TASK INSTRUCTIONS –
Leave out the pictures and reproduce all of the data exactly.

DATA TO PROCESS –
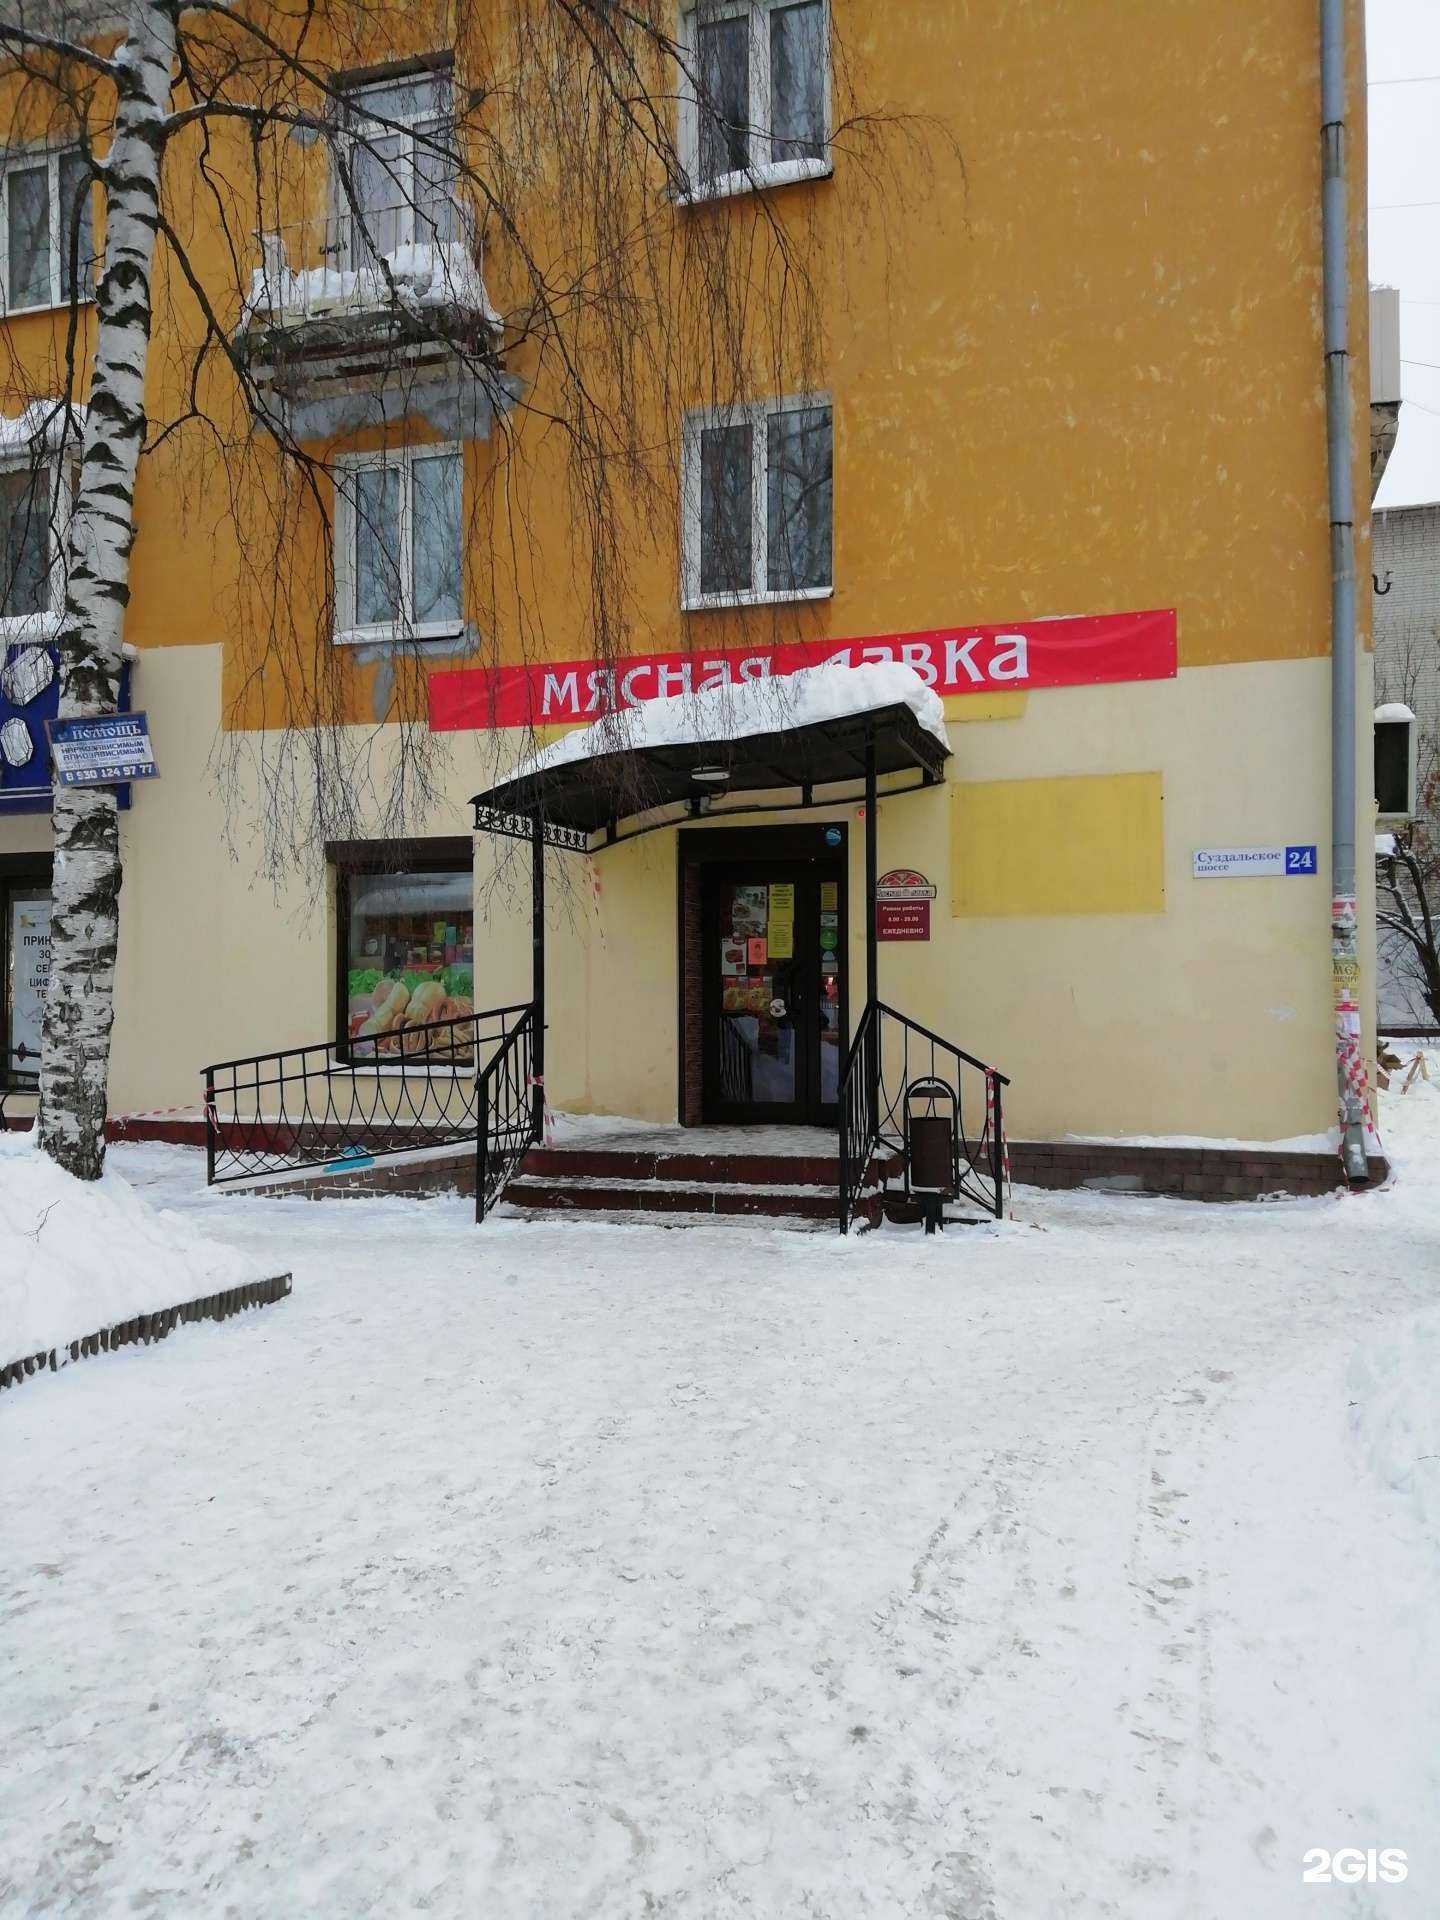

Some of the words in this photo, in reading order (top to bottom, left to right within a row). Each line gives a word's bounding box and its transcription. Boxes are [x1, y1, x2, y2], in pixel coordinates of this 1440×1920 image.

[65, 772, 74, 781] 8
[76, 769, 98, 780] 930
[101, 767, 121, 778] 124
[123, 765, 136, 776] 97
[139, 764, 152, 774] 77
[1197, 852, 1281, 864] Суздальское
[1288, 851, 1313, 869] 24
[1198, 864, 1229, 872] шоссе
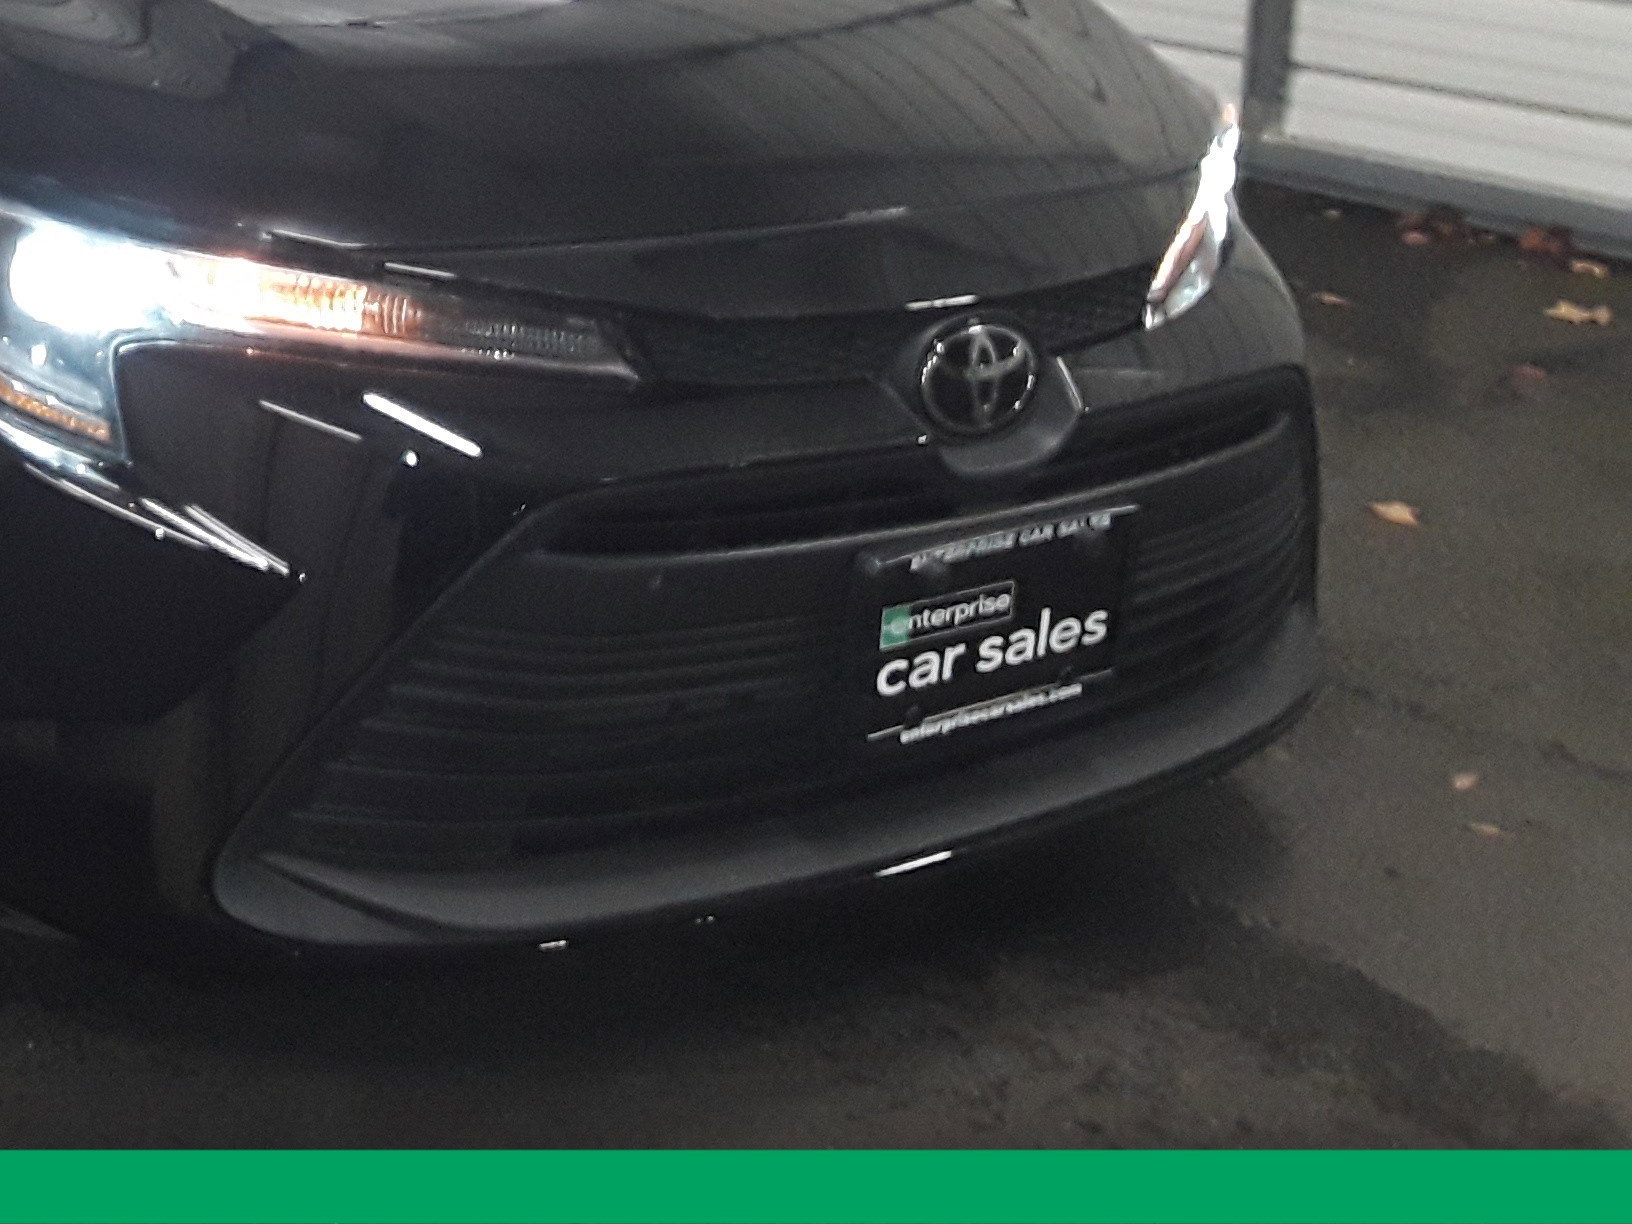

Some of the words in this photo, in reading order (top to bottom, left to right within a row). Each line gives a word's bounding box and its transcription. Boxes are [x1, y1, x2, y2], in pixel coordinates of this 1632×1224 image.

[884, 593, 1010, 633] enterprise
[876, 642, 966, 697] car
[975, 607, 1109, 672] sales
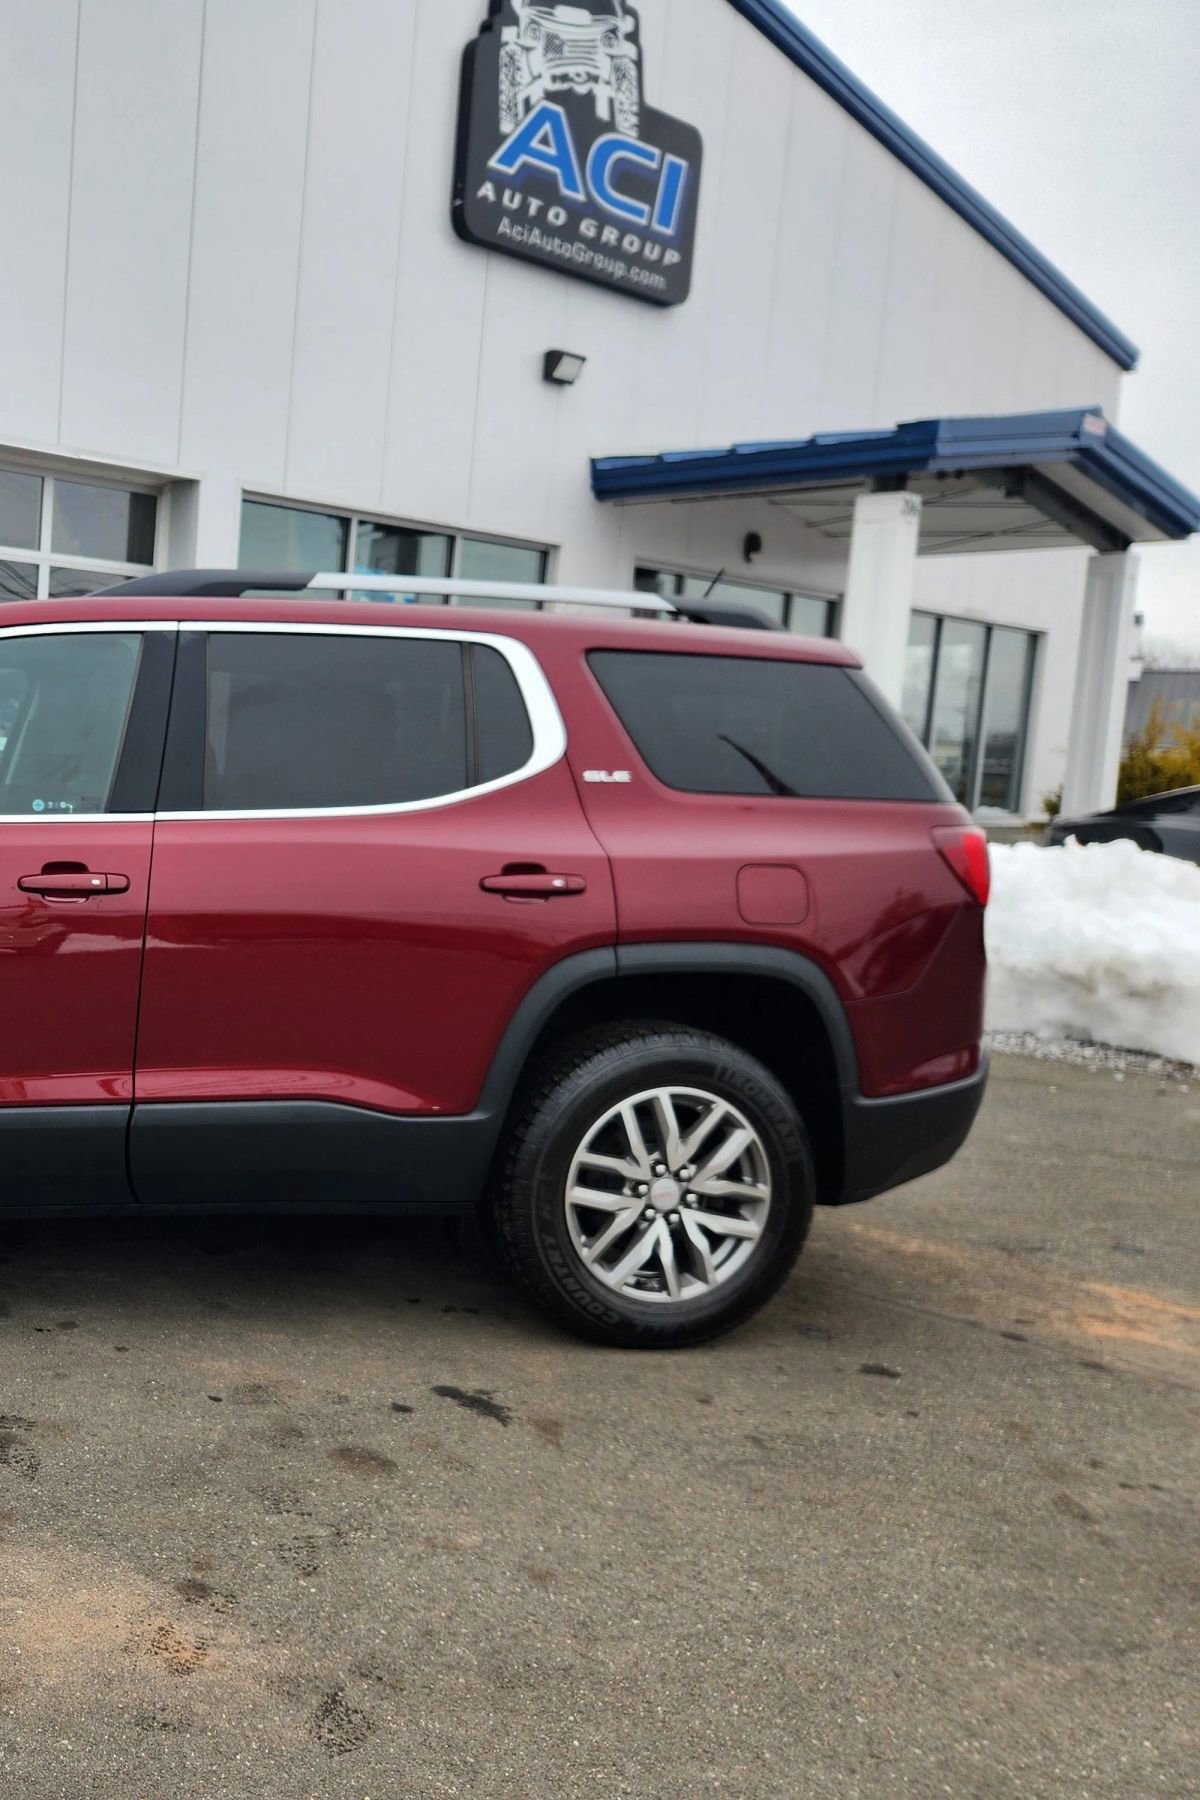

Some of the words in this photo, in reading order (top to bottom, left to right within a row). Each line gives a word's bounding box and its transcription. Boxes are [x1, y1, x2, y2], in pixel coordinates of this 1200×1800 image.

[486, 99, 689, 236] ACI
[476, 181, 568, 227] AUTO
[579, 217, 682, 267] GROUP
[497, 215, 667, 290] AciAutoGroup.com
[582, 769, 633, 783] SLE
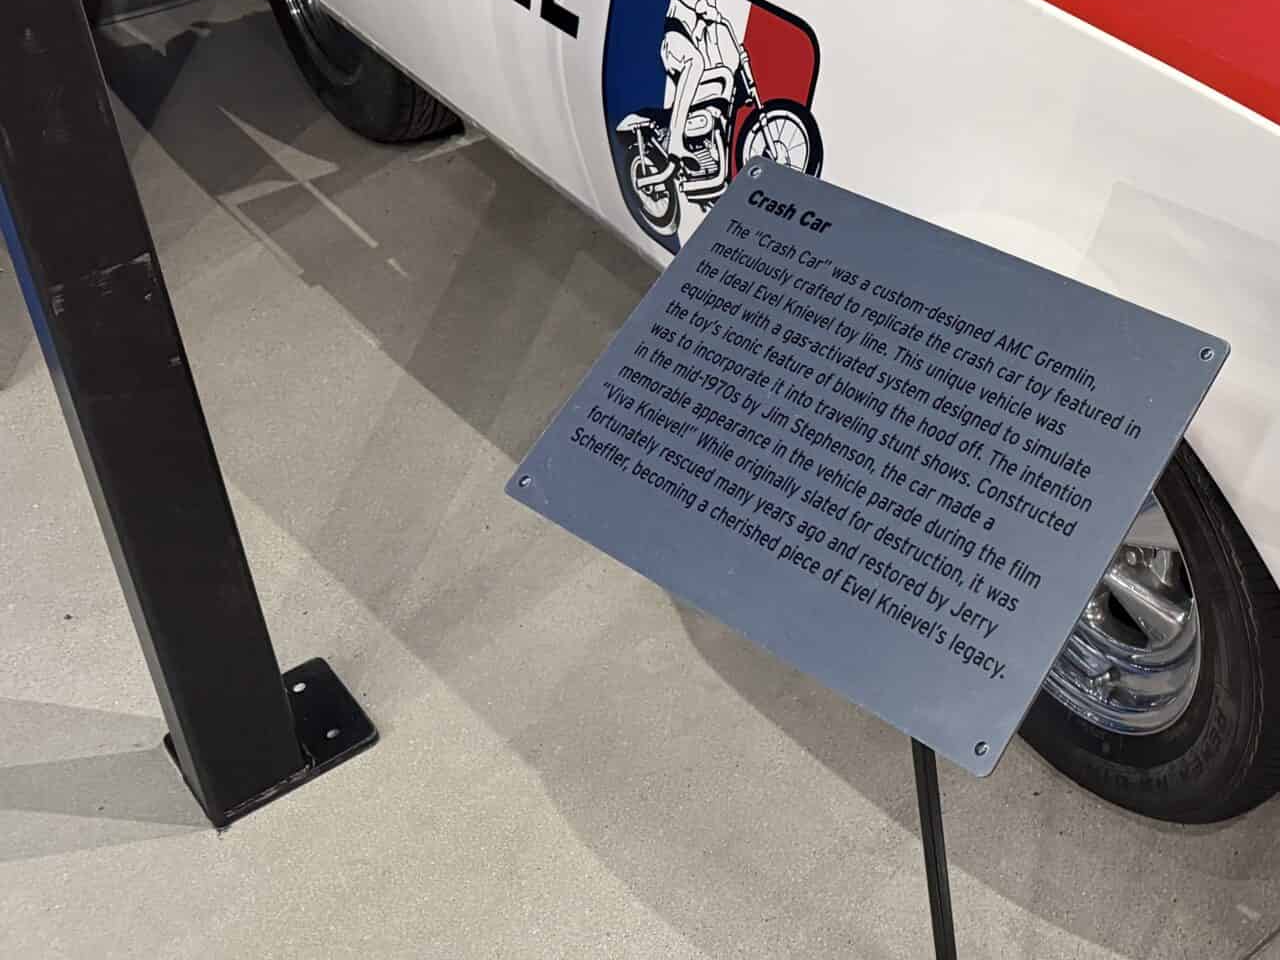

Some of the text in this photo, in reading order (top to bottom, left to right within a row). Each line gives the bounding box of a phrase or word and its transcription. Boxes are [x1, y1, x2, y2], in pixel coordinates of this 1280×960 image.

SOLVED PROBLEM –
Some of the words in this photo, in reading order (top to bottom, left to right within a row). Each line gives a word's bounding box and its transcription. Boxes are [x1, y1, x2, y2], in pixel coordinates of this 1440×1920 image.

[65, 772, 74, 781] 8
[76, 769, 98, 780] 930
[101, 767, 121, 778] 124
[123, 765, 136, 776] 97
[139, 764, 152, 774] 77
[1197, 852, 1281, 864] Суздальское
[1288, 851, 1313, 869] 24
[1198, 864, 1229, 872] шоссе

Some of the words in this photo, in reading order (top to bottom, left to right within a row). Each line gives a word's bounding box and its transcription. Boxes are [x1, y1, x2, y2], in pixel coordinates of this 1632×1224 image.

[884, 593, 1010, 633] enterprise
[876, 642, 966, 697] car
[975, 607, 1109, 672] sales

Some of the words in this photo, in reading order (top to bottom, left to right within a row). Each line gives a word's bounding box and its transcription. Boxes are [x1, y1, x2, y2], in pixel coordinates of this 1200×1800 image.

[486, 99, 689, 236] ACI
[476, 181, 568, 227] AUTO
[579, 217, 682, 267] GROUP
[497, 215, 667, 290] AciAutoGroup.com
[582, 769, 633, 783] SLE

Some of the text in this photo, in reading order (top to bottom, left to right within a row). Each line gives the bounding box of a phrase or word and its transcription. Boxes are [x1, y1, x2, y2], in pixel coordinates of this 1280×960 image.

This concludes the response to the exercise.